Richard Heathfield wrote:
tom fredriksen said:

> Wrong, it does not cause undefined behaviour because the values used
> does not require a specific set of values or a value range.
Wrong.

C89 draft:

* Undefined behavior --- behavior, upon use of a nonportable or
erroneous program construct, of erroneous data, or of
indeterminately-valued objects, for which the Standard imposes no
requirements.

C99 final:

"Certain object representations need not represent a value of the
object type. If the stored value of an object has such a representation
and is read by an lvalue expression that does not have character type,
the behavior is undefined."
That does not contradict what I am saying. These statements only define
what undefined behaviour is, in context of the standard and the
language, nothing more. It does not say using such a value must demand
undefined behaviour.

It says using such a value /produces/ undefined behaviour: if you do
it, you can no longer appeal to the C standard for the remaining
behaviour of your code. An implementation can do /anything it likes/.

Now, you may happen to know - or believe - that your implementation
will do something harmless. And you may be right. But this is not
because of the semantics of C, but because of some
implementation-specific behaviour, which in turn may be accidental.

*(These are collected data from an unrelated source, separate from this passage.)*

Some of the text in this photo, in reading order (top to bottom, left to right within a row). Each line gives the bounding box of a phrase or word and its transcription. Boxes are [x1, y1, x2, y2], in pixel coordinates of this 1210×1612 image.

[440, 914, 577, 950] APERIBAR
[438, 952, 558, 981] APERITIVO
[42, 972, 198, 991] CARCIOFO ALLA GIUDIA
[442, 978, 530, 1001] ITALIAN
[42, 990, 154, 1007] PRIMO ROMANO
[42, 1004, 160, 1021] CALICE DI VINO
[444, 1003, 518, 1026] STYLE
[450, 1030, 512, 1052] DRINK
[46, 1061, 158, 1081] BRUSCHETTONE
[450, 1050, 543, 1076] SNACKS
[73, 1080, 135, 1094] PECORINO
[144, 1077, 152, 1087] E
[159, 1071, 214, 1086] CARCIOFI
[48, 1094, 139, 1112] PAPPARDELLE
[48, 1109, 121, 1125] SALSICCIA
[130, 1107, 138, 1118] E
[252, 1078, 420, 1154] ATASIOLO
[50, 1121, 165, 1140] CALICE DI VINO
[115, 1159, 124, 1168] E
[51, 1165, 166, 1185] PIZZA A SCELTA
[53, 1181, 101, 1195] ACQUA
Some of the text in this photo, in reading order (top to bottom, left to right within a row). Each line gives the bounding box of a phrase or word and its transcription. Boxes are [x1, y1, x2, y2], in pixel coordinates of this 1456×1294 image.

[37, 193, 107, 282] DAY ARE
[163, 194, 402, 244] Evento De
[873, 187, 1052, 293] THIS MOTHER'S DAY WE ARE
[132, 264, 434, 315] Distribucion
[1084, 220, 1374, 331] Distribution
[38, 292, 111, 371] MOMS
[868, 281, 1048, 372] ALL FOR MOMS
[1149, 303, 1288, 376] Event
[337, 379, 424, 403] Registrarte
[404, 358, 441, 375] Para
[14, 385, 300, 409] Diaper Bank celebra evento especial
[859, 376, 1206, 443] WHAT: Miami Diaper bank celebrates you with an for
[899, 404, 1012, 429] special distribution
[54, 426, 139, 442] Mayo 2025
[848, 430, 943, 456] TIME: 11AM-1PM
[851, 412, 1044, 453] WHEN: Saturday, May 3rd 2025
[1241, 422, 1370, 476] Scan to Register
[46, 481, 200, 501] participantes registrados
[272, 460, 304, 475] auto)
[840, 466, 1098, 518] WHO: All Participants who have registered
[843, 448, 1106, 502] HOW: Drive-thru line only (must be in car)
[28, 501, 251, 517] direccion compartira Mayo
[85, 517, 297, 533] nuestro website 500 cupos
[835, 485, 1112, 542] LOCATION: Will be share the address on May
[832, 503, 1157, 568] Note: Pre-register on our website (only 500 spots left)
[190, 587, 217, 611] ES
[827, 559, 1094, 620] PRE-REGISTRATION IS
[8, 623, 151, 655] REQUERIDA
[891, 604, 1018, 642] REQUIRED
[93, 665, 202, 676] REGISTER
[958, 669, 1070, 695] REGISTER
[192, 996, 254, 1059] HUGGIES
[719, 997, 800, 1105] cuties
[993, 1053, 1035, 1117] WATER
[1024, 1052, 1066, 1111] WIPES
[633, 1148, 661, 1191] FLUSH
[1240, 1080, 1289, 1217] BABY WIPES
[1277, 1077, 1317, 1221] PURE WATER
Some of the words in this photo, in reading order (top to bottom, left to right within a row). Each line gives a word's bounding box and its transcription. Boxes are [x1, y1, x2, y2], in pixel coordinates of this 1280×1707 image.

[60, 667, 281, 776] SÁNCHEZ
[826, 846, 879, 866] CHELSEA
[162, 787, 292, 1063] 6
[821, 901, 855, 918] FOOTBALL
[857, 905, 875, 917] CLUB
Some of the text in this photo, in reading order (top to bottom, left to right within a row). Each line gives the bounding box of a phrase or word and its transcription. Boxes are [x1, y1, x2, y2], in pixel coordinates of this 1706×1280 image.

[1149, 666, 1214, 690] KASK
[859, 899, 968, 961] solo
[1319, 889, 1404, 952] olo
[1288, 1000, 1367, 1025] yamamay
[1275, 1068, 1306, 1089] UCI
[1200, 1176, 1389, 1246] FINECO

When we say that such-and-such is undefined behaviour, we mean that
the behaviour of the program can no longer be predicted from the
semantics of C,

Can you then explain to me how it is that you think the behaviour of my
code can not be predicted?

Certainly.

When you don't initialise the data array, the line:

total += data[c]

references an indeterminately-valued object. This produces undefined
behaviour. Therefore, the further behaviour of your code cannot be
predicted /from the C standard/: you must use additional information.

--
Chris "sparqling" Dollin
"Who do you serve, and who do you trust?"

Chris Dollin wrote:

Can you then explain to me how it is that you think the behaviour of my
code can not be predicted?
Certainly.

When you don't initialise the data array, the line:

total += data[c]

references an indeterminately-valued object.

Correct.
This produces undefined behaviour.
Therefore, the further behaviour of your code cannot be
predicted /from the C standard/: you must use additional information.

You see, even though the standard defines it as undefined behaviour,
does not practically make it undefined behaviour. It is only defined as
such because the writers of the standard are not in a position to guess
such a variables value or use for all possible future programs.

I think there is no point continuing the discussion. Because if you only
look at it literally, as you do, then you are correct, I dont dispute
that. But if you consider the pragmatics of it, in addition to the
literal meaning, which you should when you are programming, then you are
wrong.

/tom

tom fredriksen wrote:

Chris Dollin wrote:

Can you then explain to me how it is that you think the behaviour of my
code can not be predicted?
Certainly.

When you don't initialise the data array, the line:

total += data[c]

references an indeterminately-valued object.

Correct.

This produces undefined behaviour.
> Therefore, the further behaviour of your code cannot be
> predicted /from the C standard/: you must use additional information.

You see, even though the standard defines it as undefined behaviour,
does not practically make it undefined behaviour.

In what way have I not been explicit about this?

"the further behaviour of your code cannot be predicted /from the C
standard/: you must use additional information."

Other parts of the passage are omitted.